(Source information)
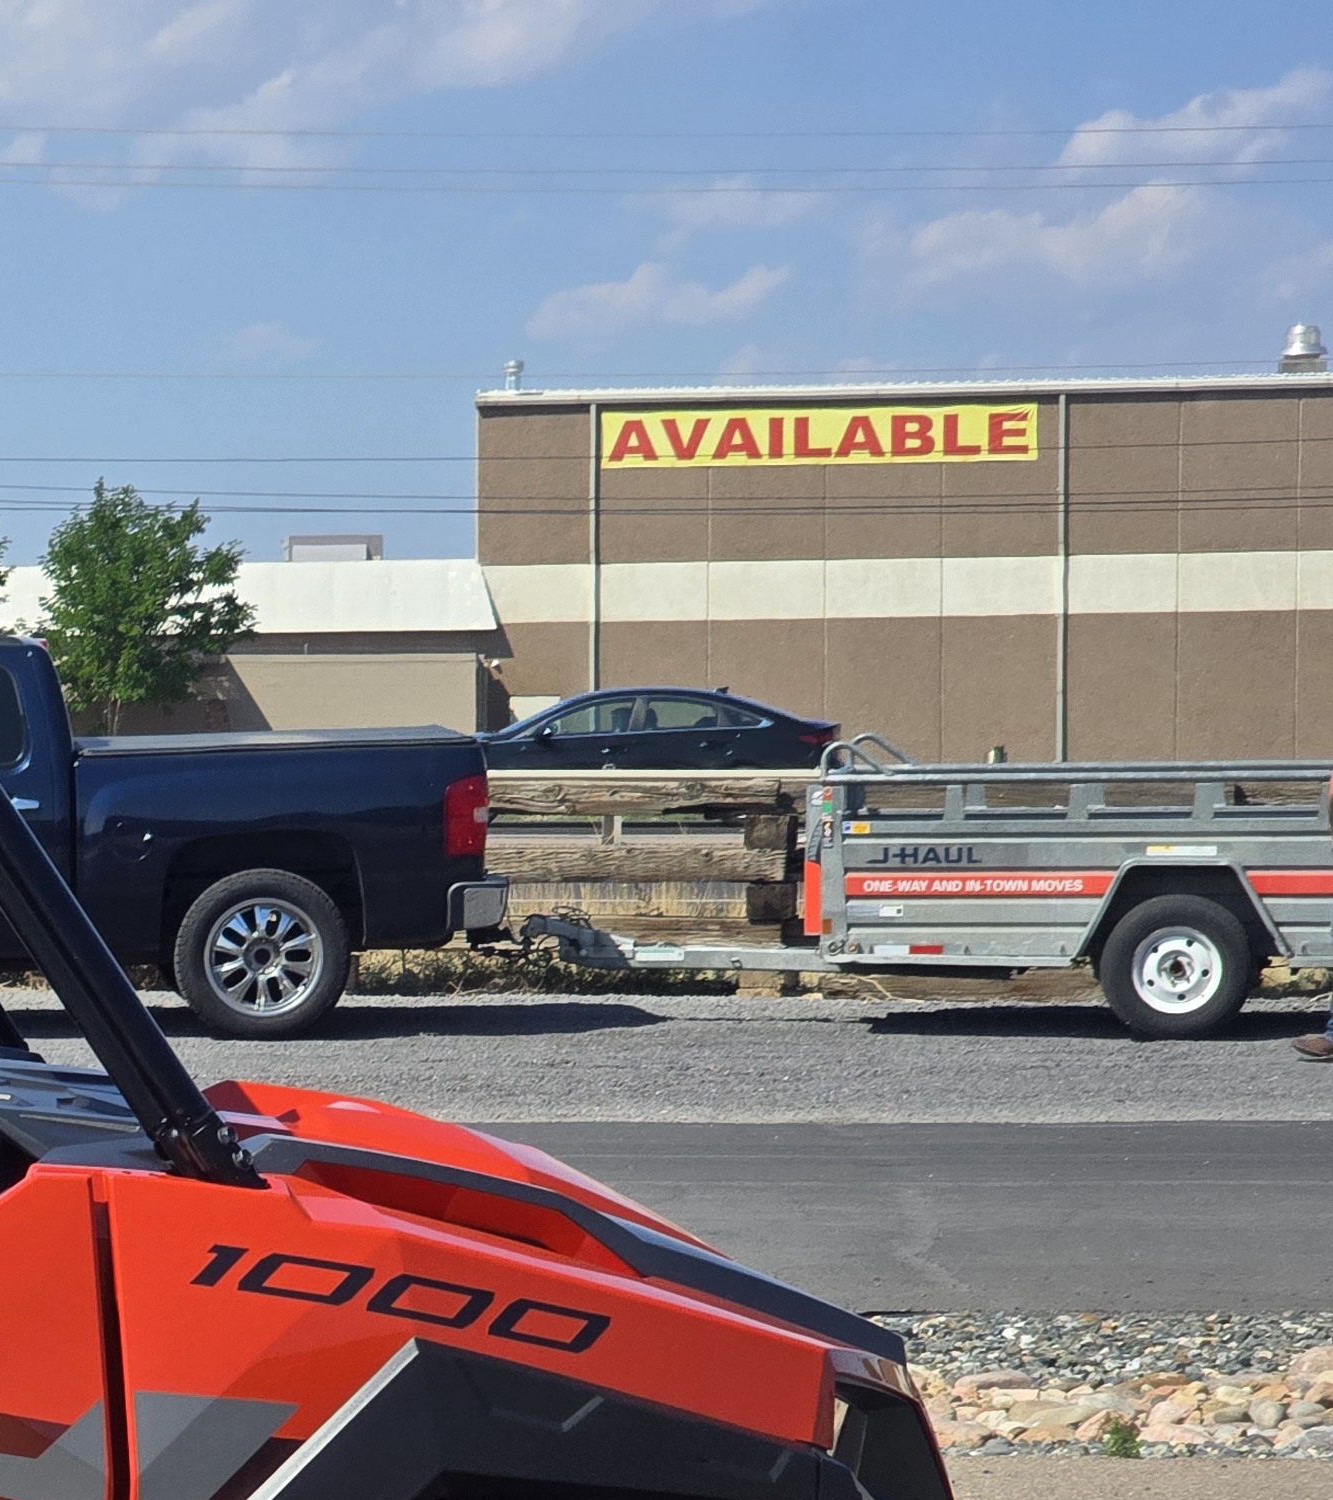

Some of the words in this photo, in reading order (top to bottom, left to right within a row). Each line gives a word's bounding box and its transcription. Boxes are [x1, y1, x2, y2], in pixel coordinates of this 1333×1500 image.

[608, 412, 1031, 462] AVAILABLE
[863, 879, 928, 893] ONE-WAY
[931, 879, 963, 893] AND
[965, 878, 1029, 893] IN-TOWN
[1031, 878, 1084, 892] MOVES
[190, 1244, 611, 1353] 1000
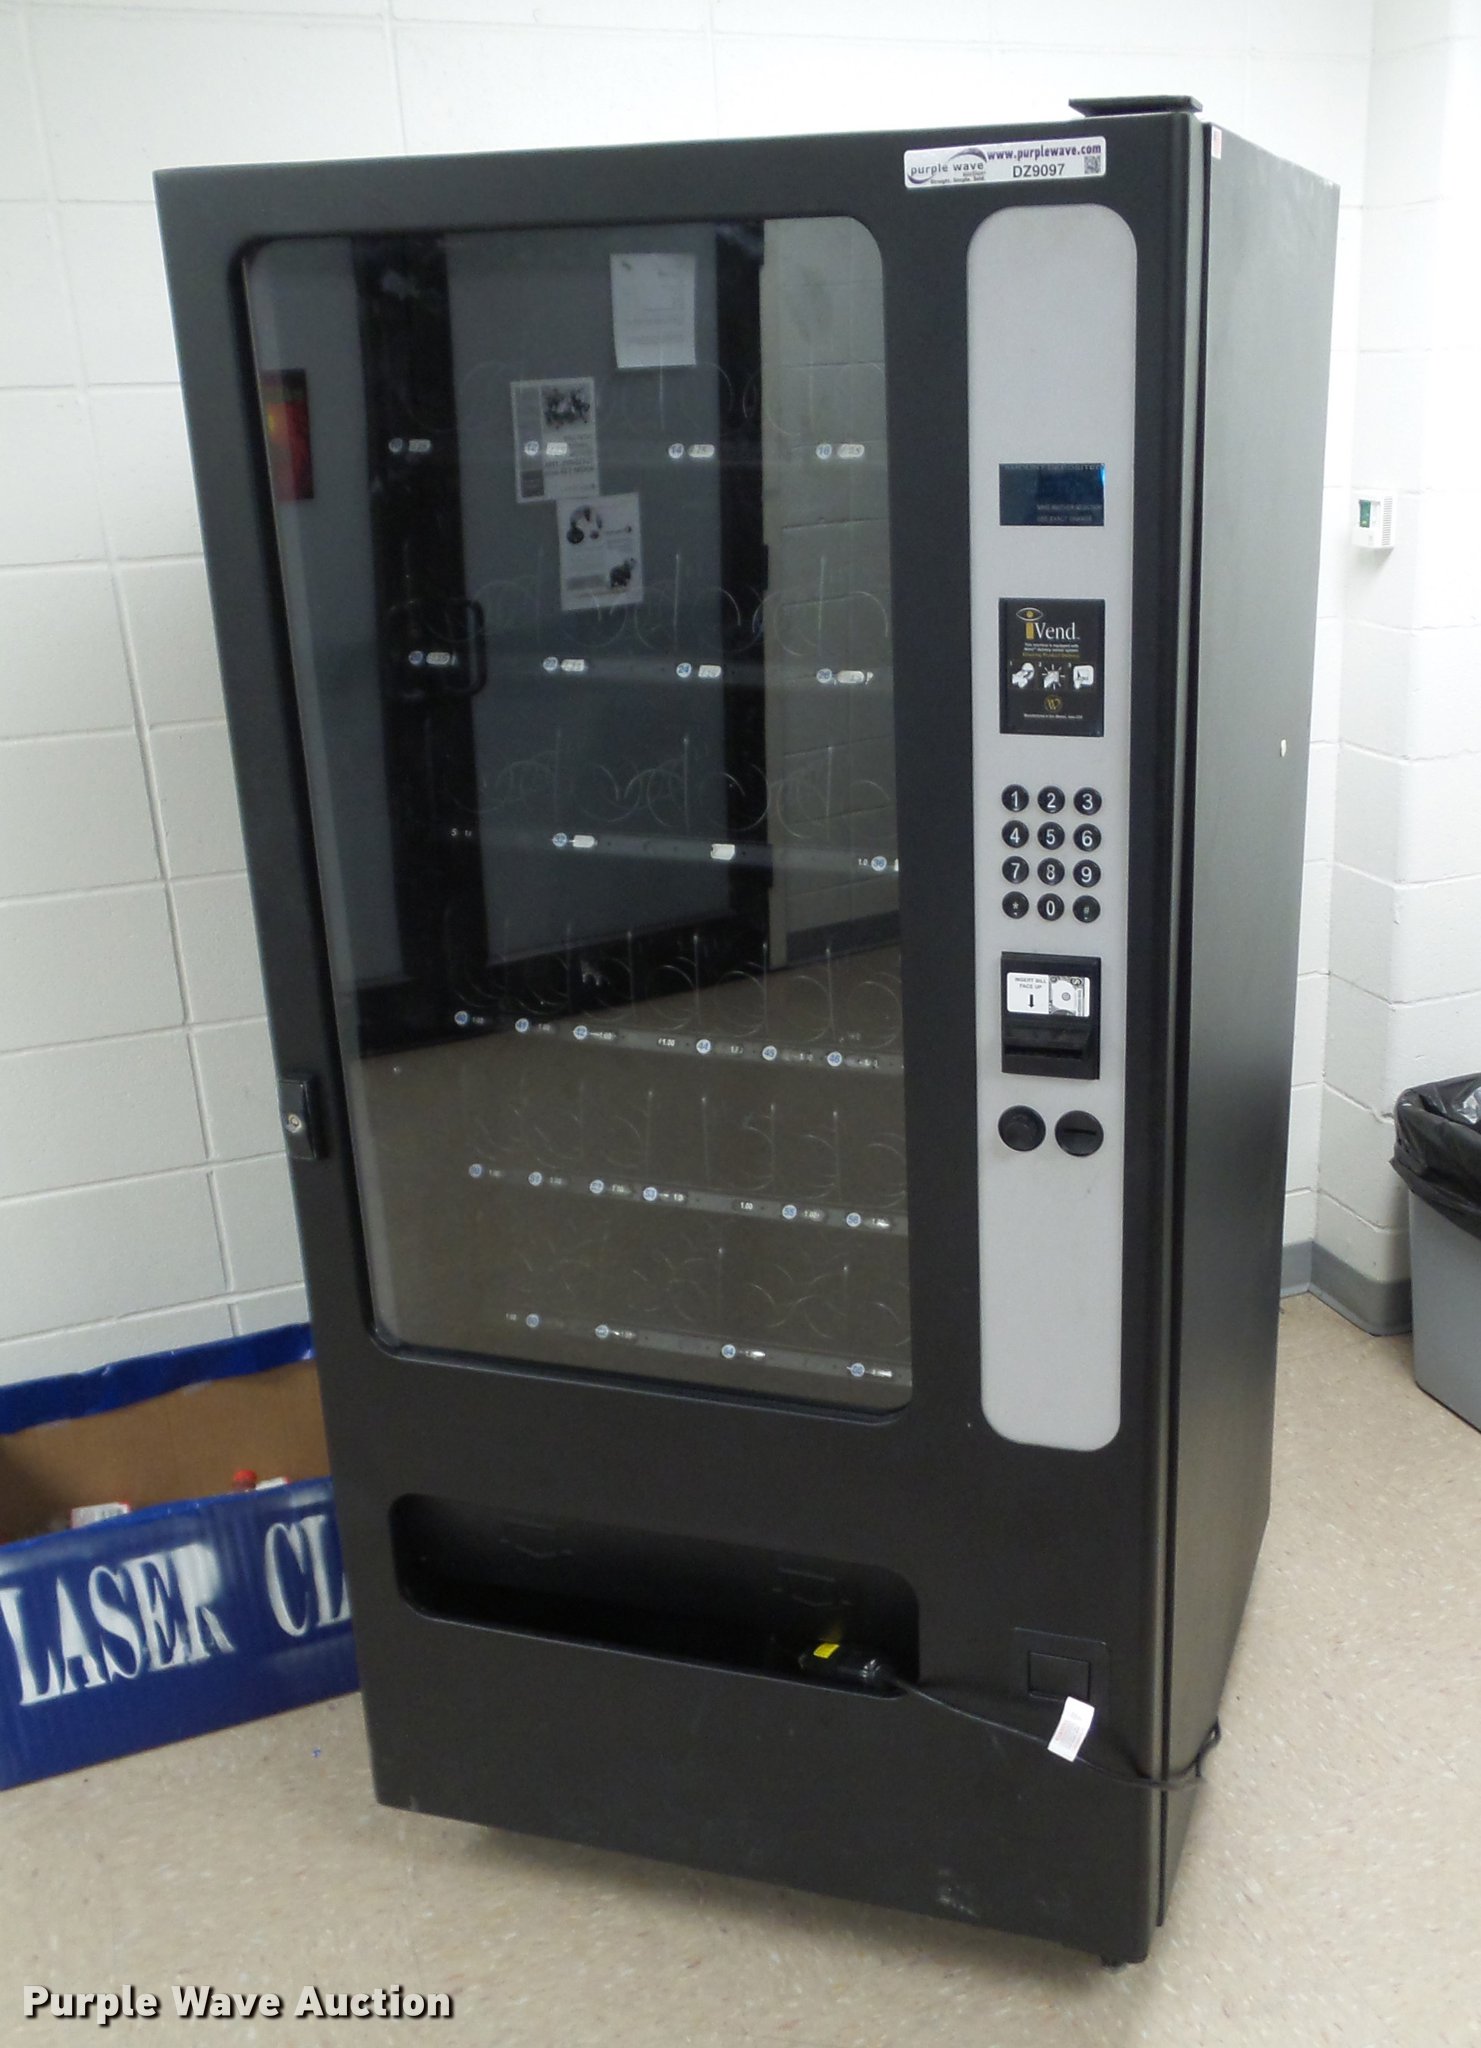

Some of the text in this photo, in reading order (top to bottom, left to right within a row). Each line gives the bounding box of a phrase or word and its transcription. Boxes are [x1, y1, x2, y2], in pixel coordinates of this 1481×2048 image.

[988, 144, 1101, 161] www.purplewave.com
[910, 162, 984, 176] purple wave
[1012, 164, 1065, 178] DZ9097
[1011, 791, 1093, 810] 1 2 3
[1009, 828, 1093, 847] 4 5 6
[1010, 863, 1092, 883] 7 8 9
[1046, 900, 1056, 916] 0
[0, 1543, 235, 1706] LASER
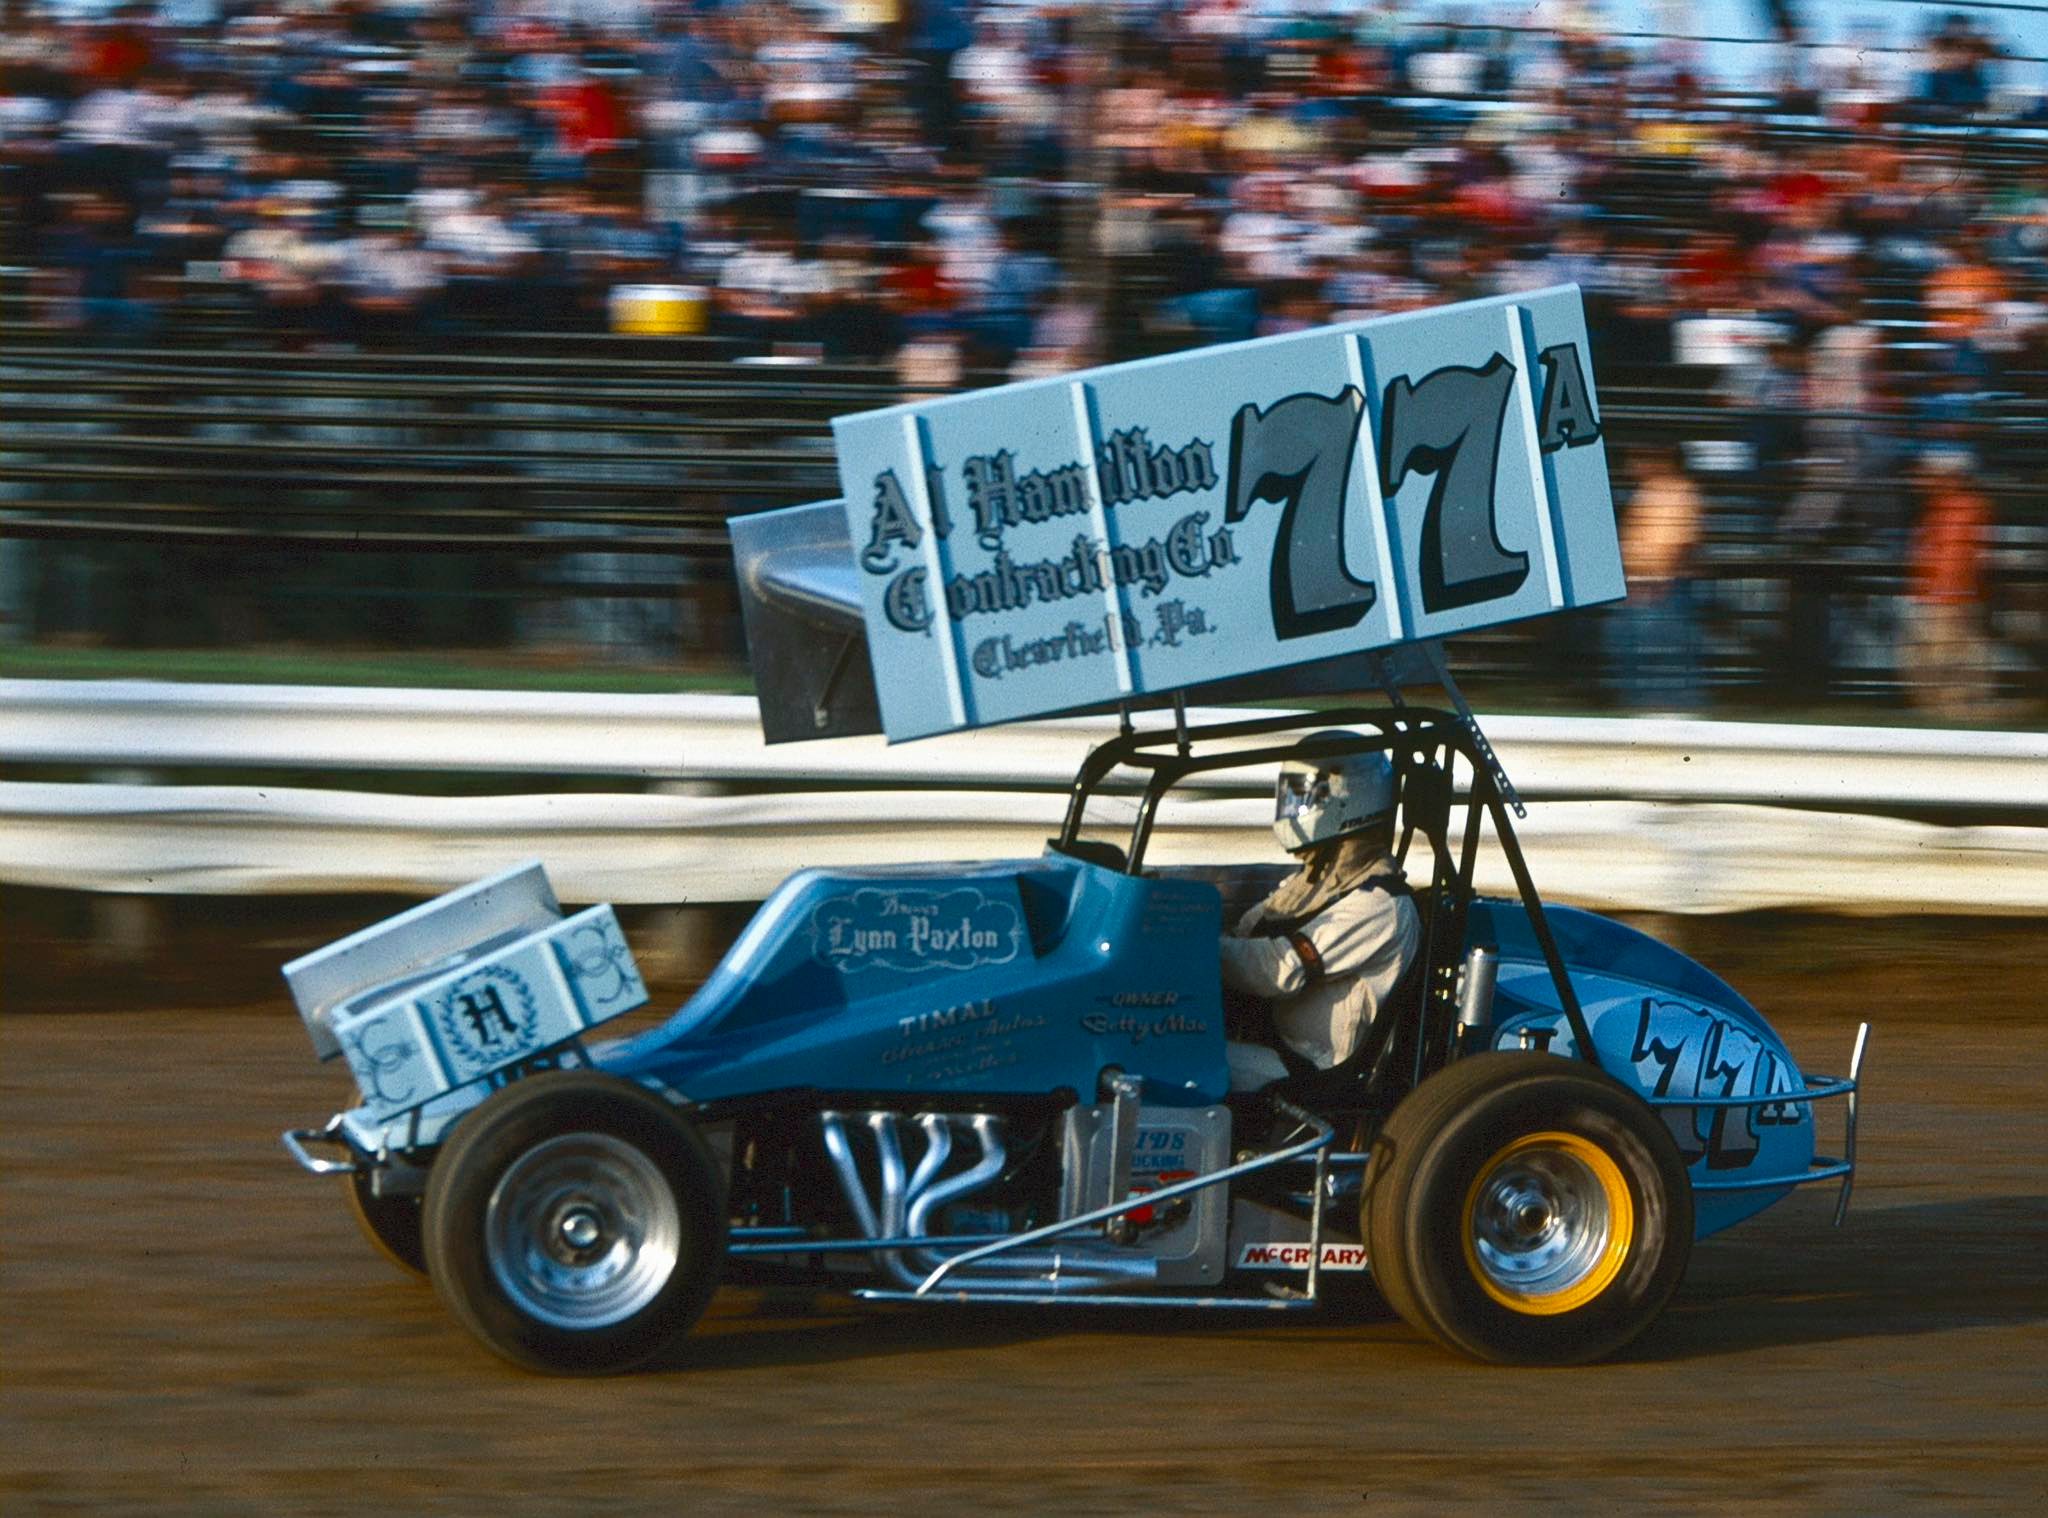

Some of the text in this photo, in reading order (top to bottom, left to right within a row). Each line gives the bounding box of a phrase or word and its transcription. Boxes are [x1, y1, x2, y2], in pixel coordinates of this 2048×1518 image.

[861, 426, 1220, 575] Al Hamilton
[1225, 350, 1530, 641] 77
[883, 532, 1169, 638] Contracting
[829, 915, 998, 956] Lynn Paxton
[457, 984, 517, 1046] H
(End Source information)
■ Work task ■
Print the data word for word and omit the pictures.

■ Response to this exercise ■
Some of the words in this photo, in reading order (top to bottom, left to right within a row). Each line gives a word's bounding box and its transcription. Boxes are [x1, y1, x2, y2], in pixel coordinates of this 1333×1500 image.

[608, 412, 1031, 462] AVAILABLE
[863, 879, 928, 893] ONE-WAY
[931, 879, 963, 893] AND
[965, 878, 1029, 893] IN-TOWN
[1031, 878, 1084, 892] MOVES
[190, 1244, 611, 1353] 1000

Some of the text in this photo, in reading order (top to bottom, left to right within a row). Each line gives the bounding box of a phrase or word and its transcription. Boxes are [x1, y1, x2, y2], in pixel coordinates of this 1481×2048 image.

[988, 144, 1101, 161] www.purplewave.com
[910, 162, 984, 176] purple wave
[1012, 164, 1065, 178] DZ9097
[1011, 791, 1093, 810] 1 2 3
[1009, 828, 1093, 847] 4 5 6
[1010, 863, 1092, 883] 7 8 9
[1046, 900, 1056, 916] 0
[0, 1543, 235, 1706] LASER

Some of the text in this photo, in reading order (top to bottom, left to right within a row). Each line gives the bounding box of a phrase or word and its transcription. Boxes are [x1, y1, x2, y2], in pixel coordinates of this 2048×1518 image.

[861, 426, 1220, 575] Al Hamilton
[1225, 350, 1530, 641] 77
[883, 532, 1169, 638] Contracting
[829, 915, 998, 956] Lynn Paxton
[457, 984, 517, 1046] H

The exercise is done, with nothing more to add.